(Saved data entries)
_ _ _ _

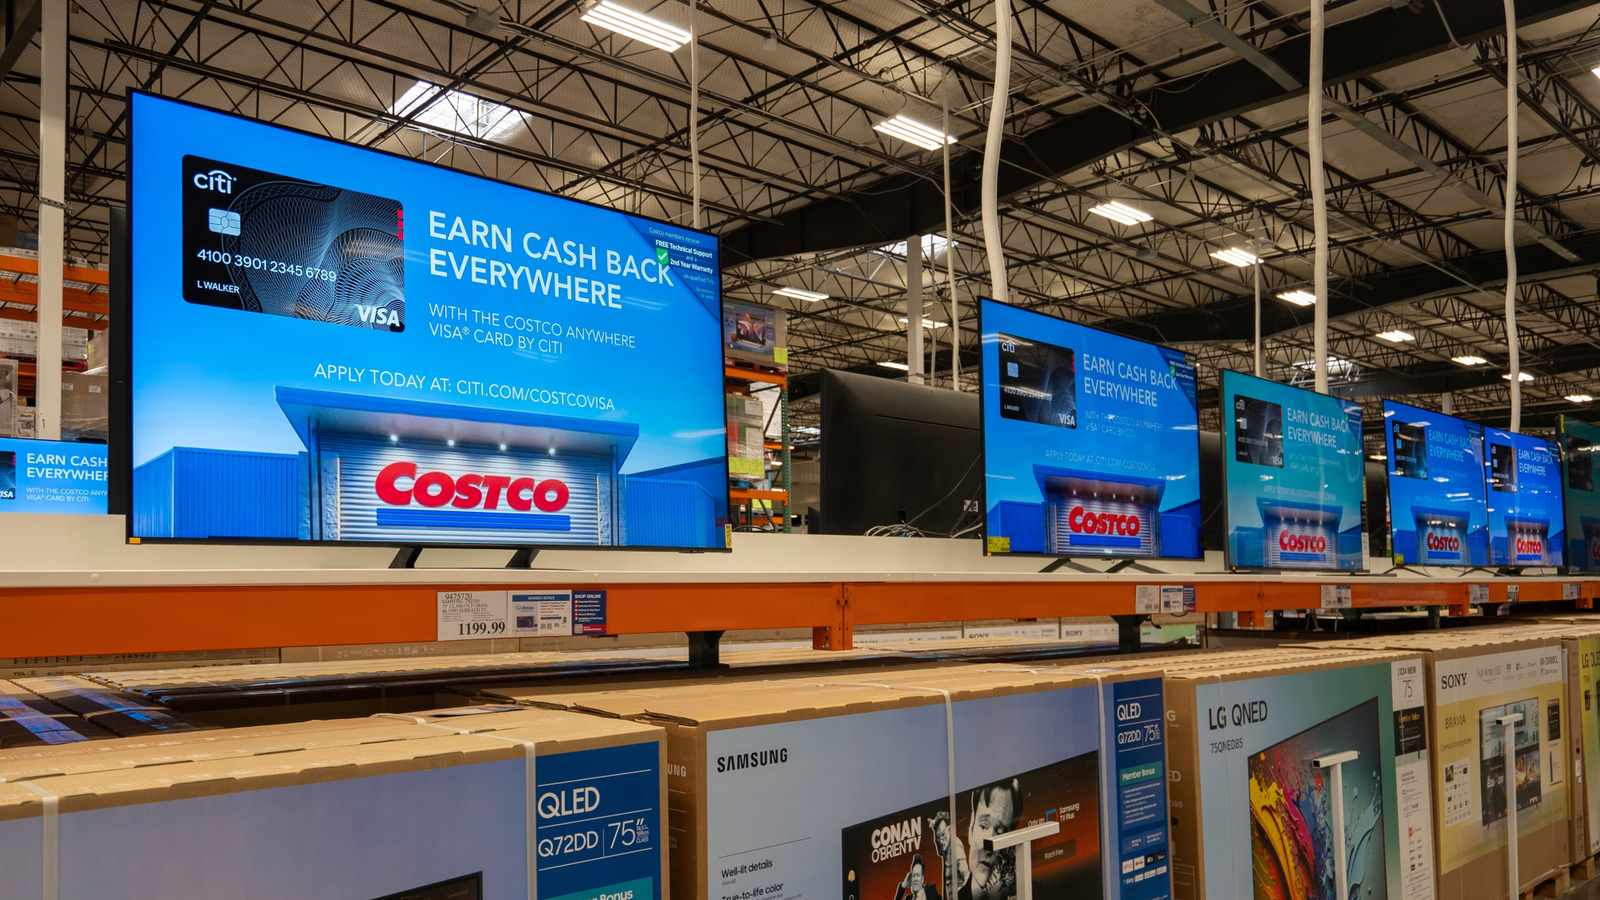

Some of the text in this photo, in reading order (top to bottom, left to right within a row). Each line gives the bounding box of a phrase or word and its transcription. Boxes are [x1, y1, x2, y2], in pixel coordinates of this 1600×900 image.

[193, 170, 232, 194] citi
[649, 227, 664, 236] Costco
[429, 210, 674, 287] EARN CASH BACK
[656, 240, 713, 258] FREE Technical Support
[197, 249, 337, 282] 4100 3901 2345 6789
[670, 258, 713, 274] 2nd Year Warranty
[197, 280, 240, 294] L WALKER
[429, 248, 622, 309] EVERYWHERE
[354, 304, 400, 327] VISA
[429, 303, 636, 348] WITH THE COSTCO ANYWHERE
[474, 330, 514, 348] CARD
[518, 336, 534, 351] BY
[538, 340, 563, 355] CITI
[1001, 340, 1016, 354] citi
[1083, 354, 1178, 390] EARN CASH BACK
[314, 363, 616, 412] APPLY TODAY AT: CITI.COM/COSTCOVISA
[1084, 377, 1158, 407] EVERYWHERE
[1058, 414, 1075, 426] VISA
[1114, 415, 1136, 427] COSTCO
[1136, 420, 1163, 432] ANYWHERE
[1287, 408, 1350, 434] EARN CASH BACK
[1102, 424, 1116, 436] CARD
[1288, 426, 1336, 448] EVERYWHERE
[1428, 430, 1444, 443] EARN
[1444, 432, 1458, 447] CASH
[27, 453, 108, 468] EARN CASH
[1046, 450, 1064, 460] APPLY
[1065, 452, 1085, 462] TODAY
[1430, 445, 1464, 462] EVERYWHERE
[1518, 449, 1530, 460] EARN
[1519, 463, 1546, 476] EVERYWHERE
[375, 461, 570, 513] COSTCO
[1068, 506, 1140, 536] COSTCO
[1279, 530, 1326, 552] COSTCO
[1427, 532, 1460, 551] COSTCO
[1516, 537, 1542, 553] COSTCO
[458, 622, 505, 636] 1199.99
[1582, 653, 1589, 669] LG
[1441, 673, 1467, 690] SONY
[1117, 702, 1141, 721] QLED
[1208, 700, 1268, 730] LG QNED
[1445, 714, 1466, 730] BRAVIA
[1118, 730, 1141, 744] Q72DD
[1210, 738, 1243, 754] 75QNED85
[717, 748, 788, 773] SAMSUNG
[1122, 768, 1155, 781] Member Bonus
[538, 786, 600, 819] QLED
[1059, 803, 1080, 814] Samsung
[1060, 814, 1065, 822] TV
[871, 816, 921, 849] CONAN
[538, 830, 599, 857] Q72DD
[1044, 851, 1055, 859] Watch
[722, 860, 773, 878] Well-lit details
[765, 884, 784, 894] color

_ _ _ _

*Required action*. Look through the records and copy down every line that holds "CASH".

*Exercise answer*.
[429, 210, 674, 287] EARN CASH BACK
[1083, 354, 1178, 390] EARN CASH BACK
[1287, 408, 1350, 434] EARN CASH BACK
[1444, 432, 1458, 447] CASH
[27, 453, 108, 468] EARN CASH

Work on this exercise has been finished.